Global Data Center M&A Deal Volume in 2018 Grows, Value Drops

The number of significant data center-oriented M&A deals continued to climb in 2018, though the total value of deals that closed in the year dropped off from its 2017 peak. This can be concluded from a new market study published by Synergy Research Group.

While this M&A deal volume growth in 2018 included $5 billion+ deals, none approached the scale of the 2017 acquisition of DuPont Fabros by Digital Realty – a transaction valued at approximately $7.6 billion, or the Equinix acquisition of Verizon’s data centers for $3.6 billion in an all cash transaction.

The largest 2018 deal was the sale of a 25% stake in Global Switch to a group of Asian investors, which was valued at £2.1 billion or around $2.8 billion. The other four deals that were valued at a billion dollars or more involved acquisitions by Digital Realty, Iron Mountain, GTT and Brookfield Infrastructure Partners. There were another 18 deals that were valued in the $100 million to $1 billion range including Iron Mountain buying Amsterdam area-based EvoSwitch for €205 million, and 45 smaller deals that were each valued at up to $100 million. The total value of M&A activity over the 2017-2018 period was over double the total for the previous two years.

– read more below the image –

Iron-Mountain-colocation-data-center-Phoenix

Equinix, Digital Realty, CyrusOne

Over the 2015-2018 period, by far the largest investors have been Equinix and Digital Realty, the world’s two leading colocation providers. In aggregate they spent almost $23 billion on acquisitions of data center operators. Both Equinix and Digital Realty have made major acquisitions in all four regions of the world. Other notable data center operators who have been serial acquirers include CyrusOne, Iron Mountain, Digital Bridge/DataBank, NTT and Carter Validus.

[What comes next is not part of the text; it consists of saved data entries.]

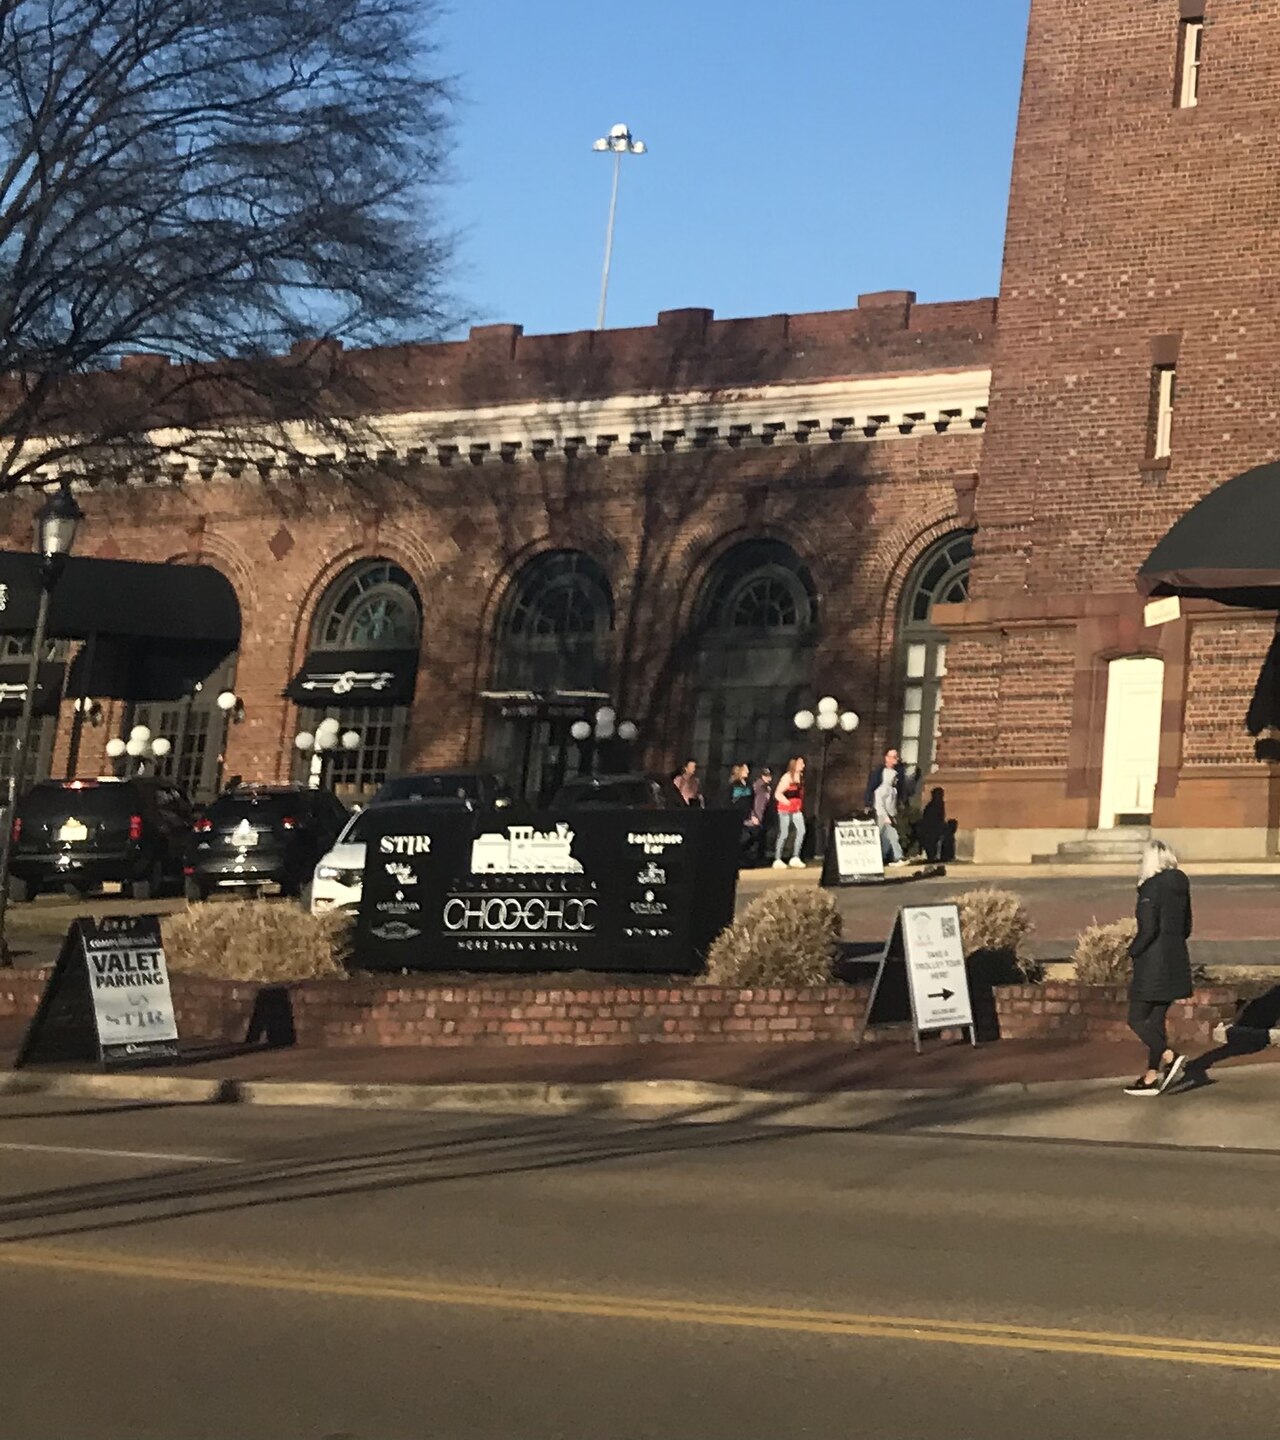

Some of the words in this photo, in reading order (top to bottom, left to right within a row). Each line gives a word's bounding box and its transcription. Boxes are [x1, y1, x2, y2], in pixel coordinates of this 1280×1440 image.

[839, 829, 875, 838] VALET
[380, 835, 431, 855] STIR
[91, 952, 161, 973] VALET
[95, 972, 164, 989] PARKING
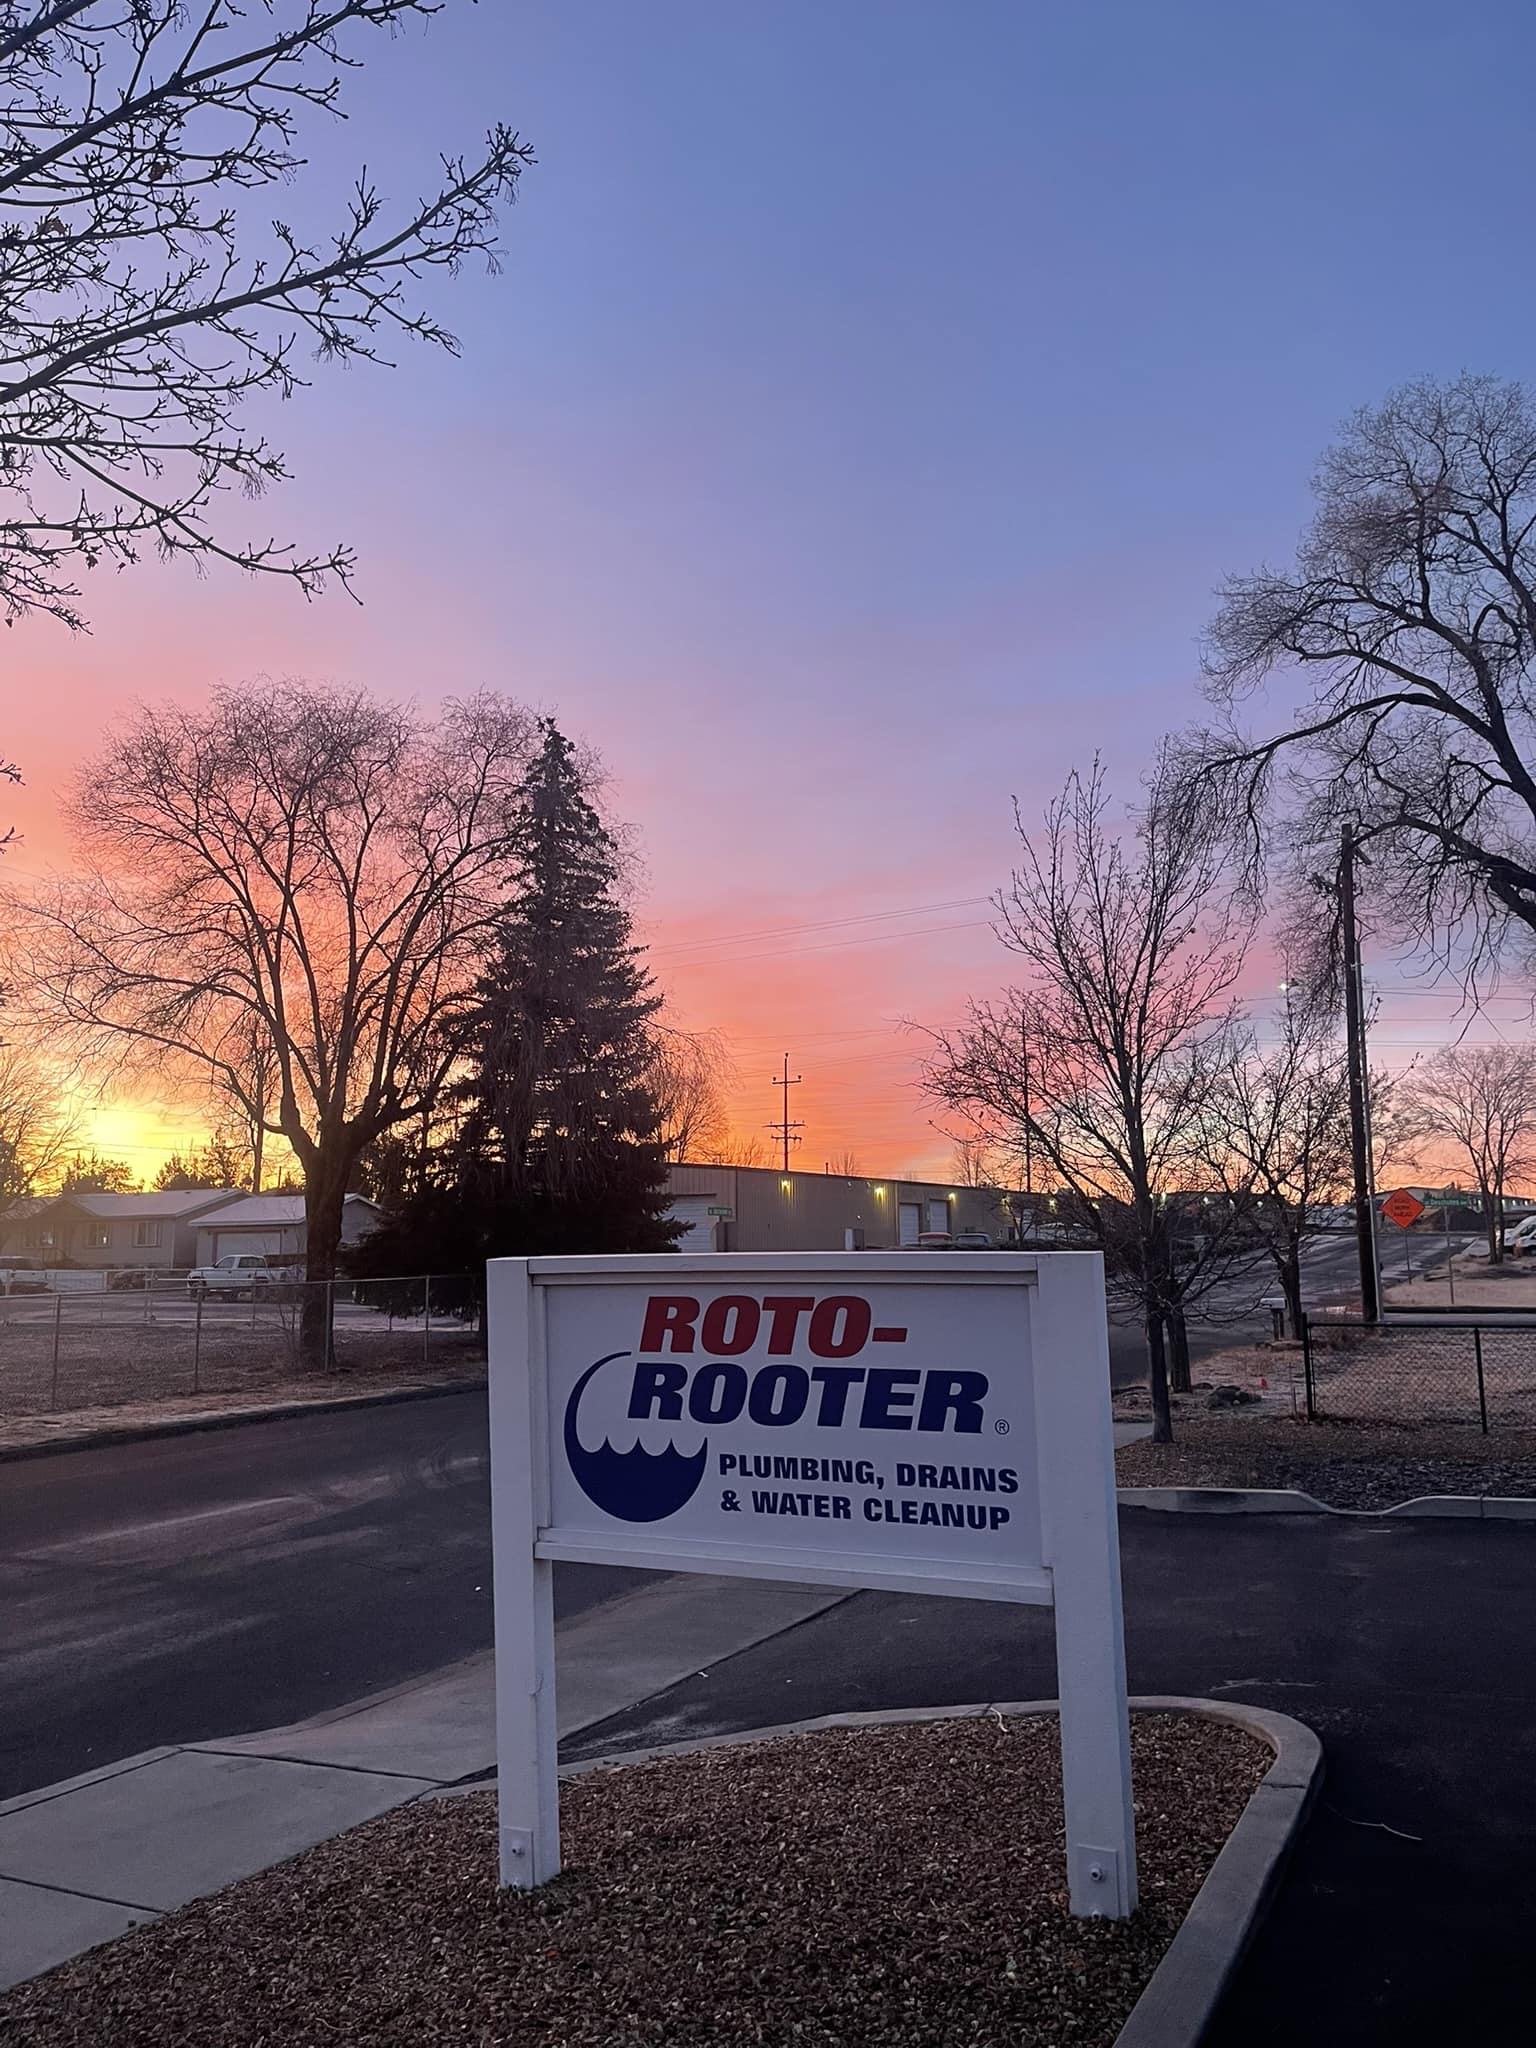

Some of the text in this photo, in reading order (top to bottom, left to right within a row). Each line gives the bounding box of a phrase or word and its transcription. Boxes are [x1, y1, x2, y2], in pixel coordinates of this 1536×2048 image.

“There is a clear trend towards enterprises not wanting to own or operate their own data centers, as CIOs focus more on features and services that they can provide to their internal clients and less on the complexities of running data centers,” said John Dinsdale, a Chief Analyst and Research Director at Synergy Research Group. “As enterprises increasingly look to various outsourcing options, this is driving specialist data center operators to increase both the scale and the reach of their data center footprint. This bulking up is often best accomplished, or sped up, by acquiring other data center operators. We expect to see a lot more data center M&A over the next five years.”